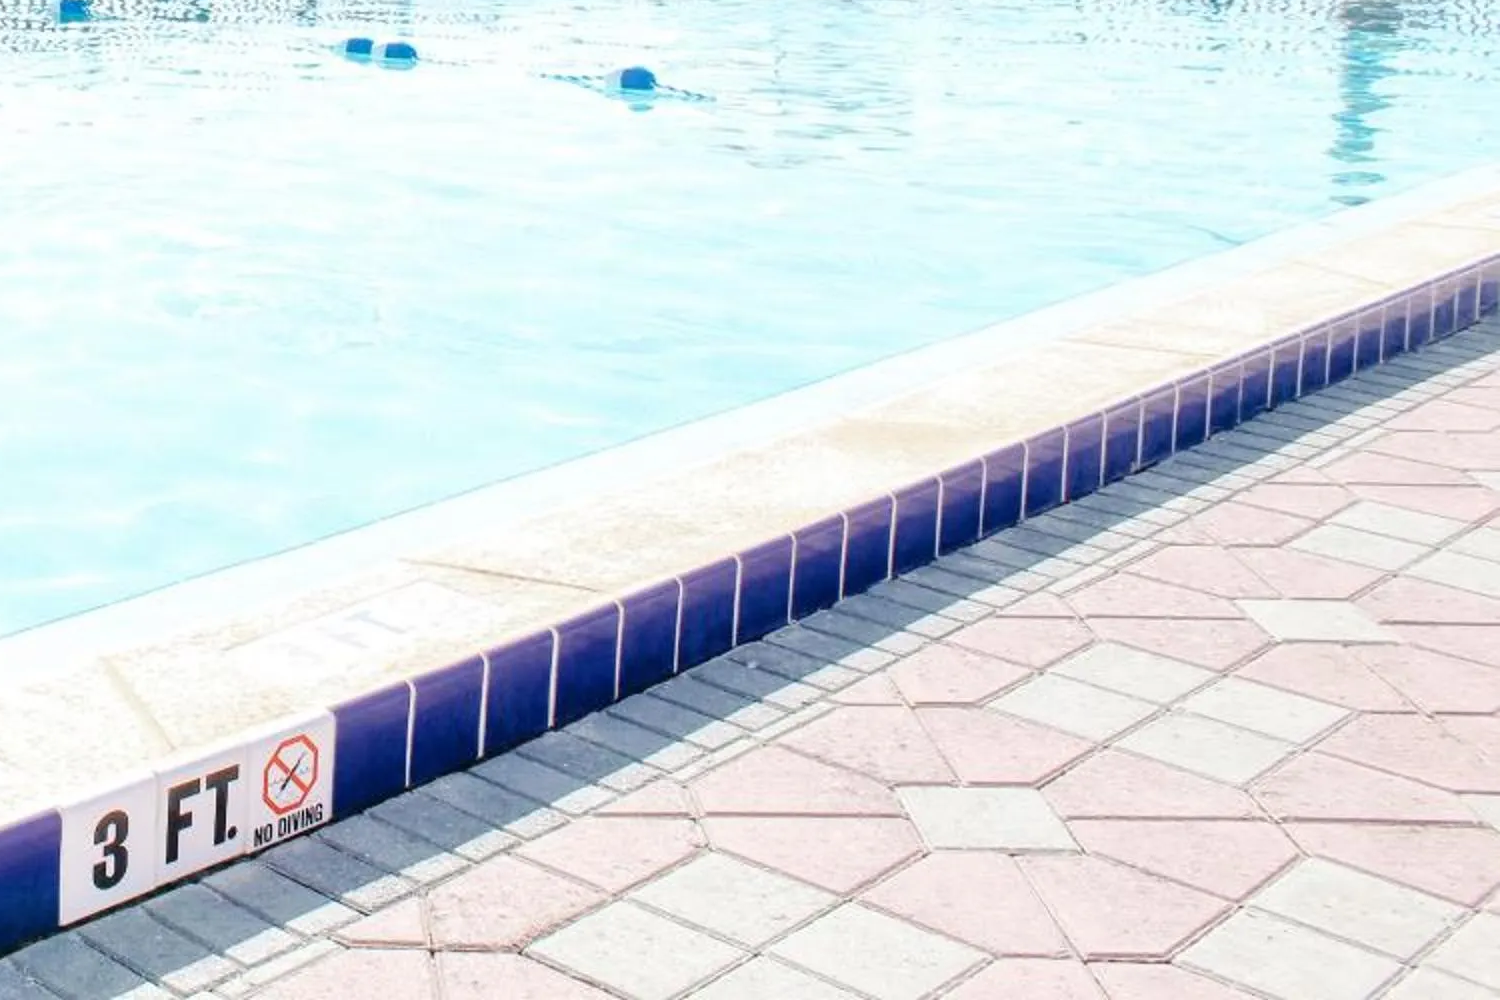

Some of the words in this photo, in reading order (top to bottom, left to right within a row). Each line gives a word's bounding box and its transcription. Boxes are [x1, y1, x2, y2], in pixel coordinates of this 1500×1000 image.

[93, 809, 129, 890] 3
[165, 764, 240, 865] FT.
[253, 823, 273, 847] NO
[278, 803, 323, 837] DIVING
· · · ·
§ **REQUIRED ACTION**
A complete and exact copy of the records is required. Exclude the pictures.

§ **ANSWER SPACE**
Some of the words in this photo, in reading order (top to bottom, left to right within a row). Each line gives a word's bounding box and its transcription. Boxes are [x1, y1, x2, y2], in pixel coordinates of this 1500×1000 image.

[93, 809, 129, 890] 3
[165, 764, 240, 865] FT.
[253, 823, 273, 847] NO
[278, 803, 323, 837] DIVING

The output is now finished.